L'organisation se crée et se développe tout d'abord par opposition à l'invasion américaine de 2003 en Irak. Les résistants à l'offensive se rassemblent et s'unifient progressivement. Ces combattants sont d'origines diverses. Des irakiens désireux de protéger l'intégrité territoriale de leur pays mais aussi des djihadistes affluents des pays voisins afin de combattre l'étranger impie. Ainsi, la « guerre contre l'Axe du Mal » chère à Georges Bush et son administration montre ses limites. Elle se révélera à moyen terme contre-productive en radicalisant les populations locales. L'invasion américaine est vécue comme une humiliation par le peuple irakien et comme l'expression d'un néo-impérialisme occidentale. Les groupes terroristes n'ont plus qu'à récolter le fruit d'une graine de haine plantée par cette intrusion. Paradoxalement, la guerre contre le terrorisme, le renforce.
Daech fait sécession
A cette époque, l'Etat islamique reste avant tout le prolongement d'Al Quaeda en Irak. Cependant, l'organisation va rapidement prendre ses distances avec la « maison mère ». Ayman al-Zawahiri, successeur de Ben Laden n'a en fait jamais réussi à asseoir son autorité sur Abou Bakr al-Baghdadi, chef de l’organisation depuis 2010 et aujourd’hui auto proclamée « calife » de l’Etat islamique. Le divorce fut définitivement consommé par le désaveu officiel de l'organisation par Al Quaeda en février 2014. D'une excroissance sans envergure internationale, le petit frère irakien se transforme progressivement en ogre indépendant et incontrôlable. Le mérite de ce développement inattendu ne revient pas forcément à l'organisation elle-même mais plutôt a des concours de circonstances politiques. Autrement dit, Daech a su profiter d'un contexte favorable. Notamment sur deux fronts : en Irak même, surfant sur une vague de frustration des populations sunnites et en Syrie, profitant de la guerre civile qui y fait rage.

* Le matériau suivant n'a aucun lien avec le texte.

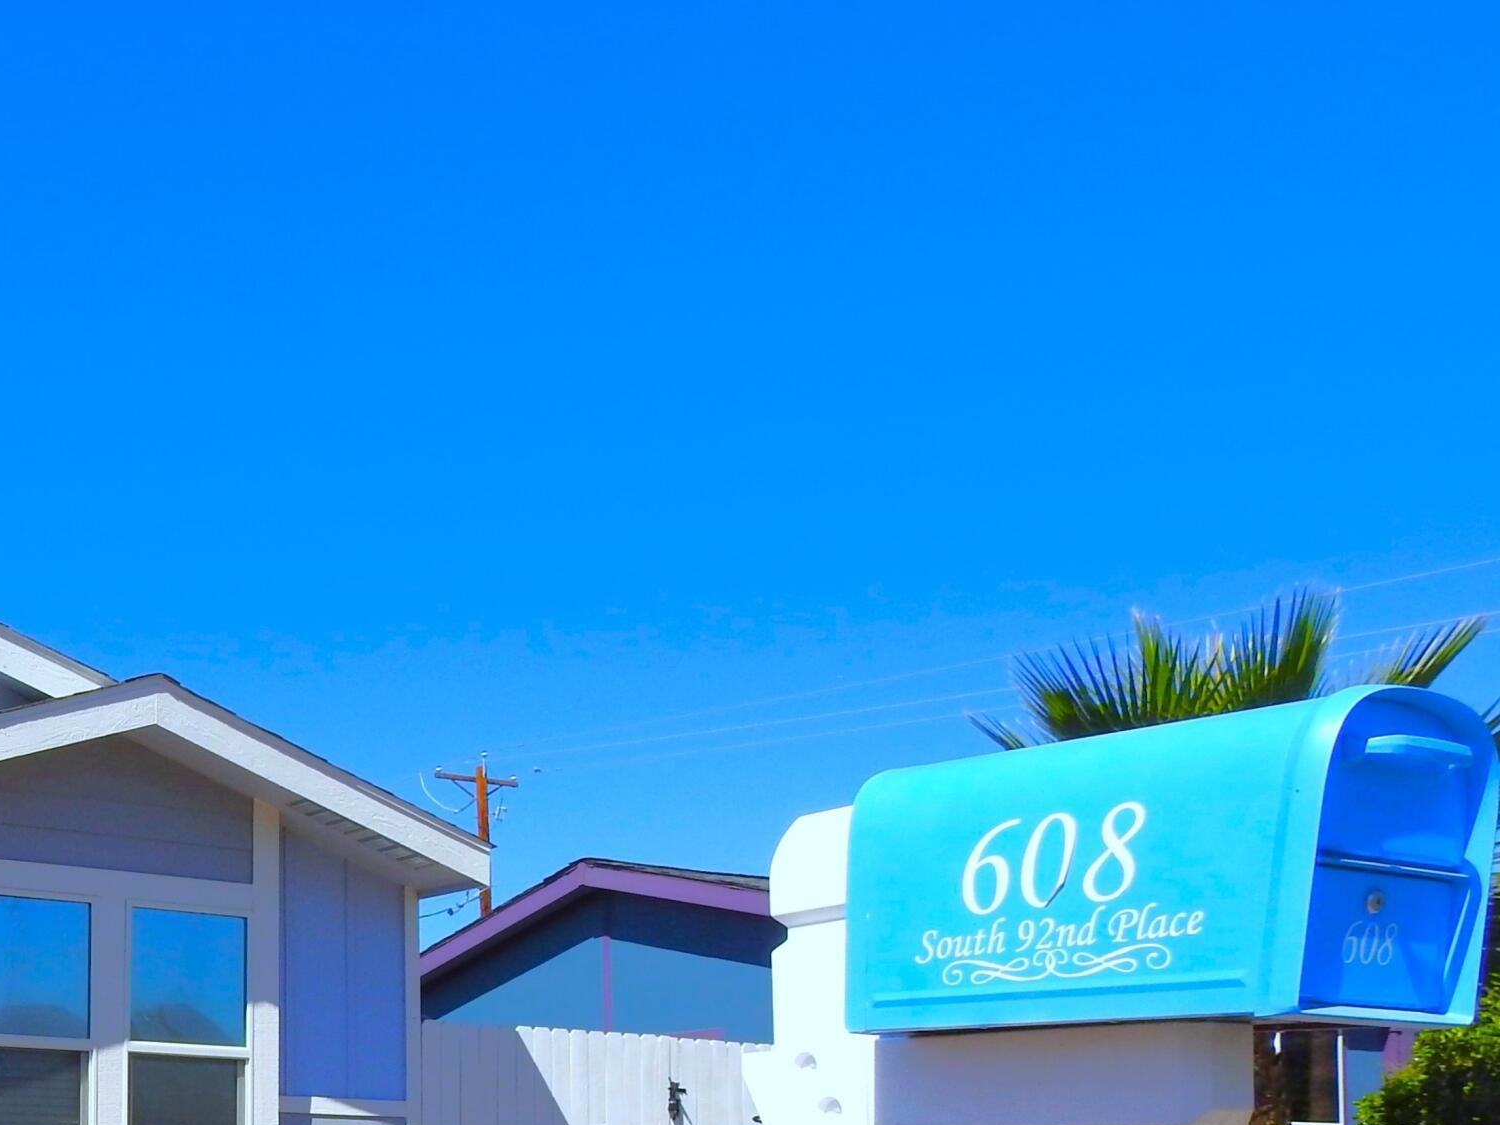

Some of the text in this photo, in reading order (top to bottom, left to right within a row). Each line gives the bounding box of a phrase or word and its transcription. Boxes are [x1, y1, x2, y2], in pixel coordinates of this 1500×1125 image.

[962, 801, 1146, 915] 608
[914, 902, 1204, 964] South 92nd Place
[1342, 920, 1398, 966] 608

Si l'intrusion américaine a permis la création de l'organisation, son renforcement est l'œuvre du gouvernement irakien lui-même. En effet, Nouri Al-Maliki, premier ministre irakien chiite, mène depuis son ascension au pouvoir en 2006 une politique particulièrement discriminante envers les sunnites. Là encore, c'est le levier universel de « la guerre contre le terrorisme » qui est instrumentalisé par le premier ministre. Comme Georges Bush avant lui, ce motif est repris pour justifier des politiques liberticides. C'est ainsi qu'exactions et arrestations arbitraires se sont vus multipliés. Toute opposition sunnite, toute forme de contestation furent accusées de terrorisme et écartées dans la violence. Nouri Al-Maliki a dès lors contribué à la création d'un « effet martyr » qui tombait à point nommé pour l'Etat islamique. Un flot de sunnites frustrés, stigmatisés, a décidé de rejoindre les bras accueillants de l'organisation. Cette conjoncture explique d'ailleurs la prise relativement aisée de Mossoul et des environs. La population a entrevu les membres de Daech comme les libérateurs d'une puissance opprimante plutôt que comme des mercenaires extrémistes et violents L'Etat islamique n'est donc pas forcément le déclencheur des affrontements entre sunnites et chiites dans la région mais en est plutôt une conséquence. C'est le gouvernement irakien qui a réveillé les démons confessionnels, récupérés par la suite par l'organisation terroriste.
Autruche occidentale

Les gouvernements occidentaux peuvent regretter un certain manque de lucidité, voir même d'une coupable passivité dans l'appréciation de la situation politique en Irak. Les Etats-Unis ont mis à bas le sunnite Saddam Hussein avant d'accorder un soutien inconditionnel au chiite Al-Maliki pourtant tout aussi sectaire, despotique et clientéliste que son prédécesseur. Les oppresseurs sont devenus les opprimés, les dominants, les dominés. Le cercle de la frustration a repris son train. La longue litanie de la haine a pu continuer. Si les politiques et les médias (et de facto l'opinion publique) se réveillent à l'heure actuelle pour les minorités kurdes et chrétiennes, un silence coupable régnait concernant le régime irakien, ses dérives et le traitement réservé aux sunnites. Le premier ministre irakien a pu continuer à se vendre auprès des puissances occidentales comme le pourfendeur du terrorisme et appuyer sa légitimité sur une élection « démocratique ». Cette élection, loin d’exprimer la volonté du peuple irakien, reflètait plutôt selon Peter Harling « le vote hystérique d’un pan de la société et le boycott funeste de l’autre ». Lorsque Al-Maliki organisa en mars 2014 une conférence sur le lutte contre le terrorisme, l'ONU et les pouvoirs occidentaux étaient au premier rang pour l'applaudir, ne se souciant guère de se cachait ce programme...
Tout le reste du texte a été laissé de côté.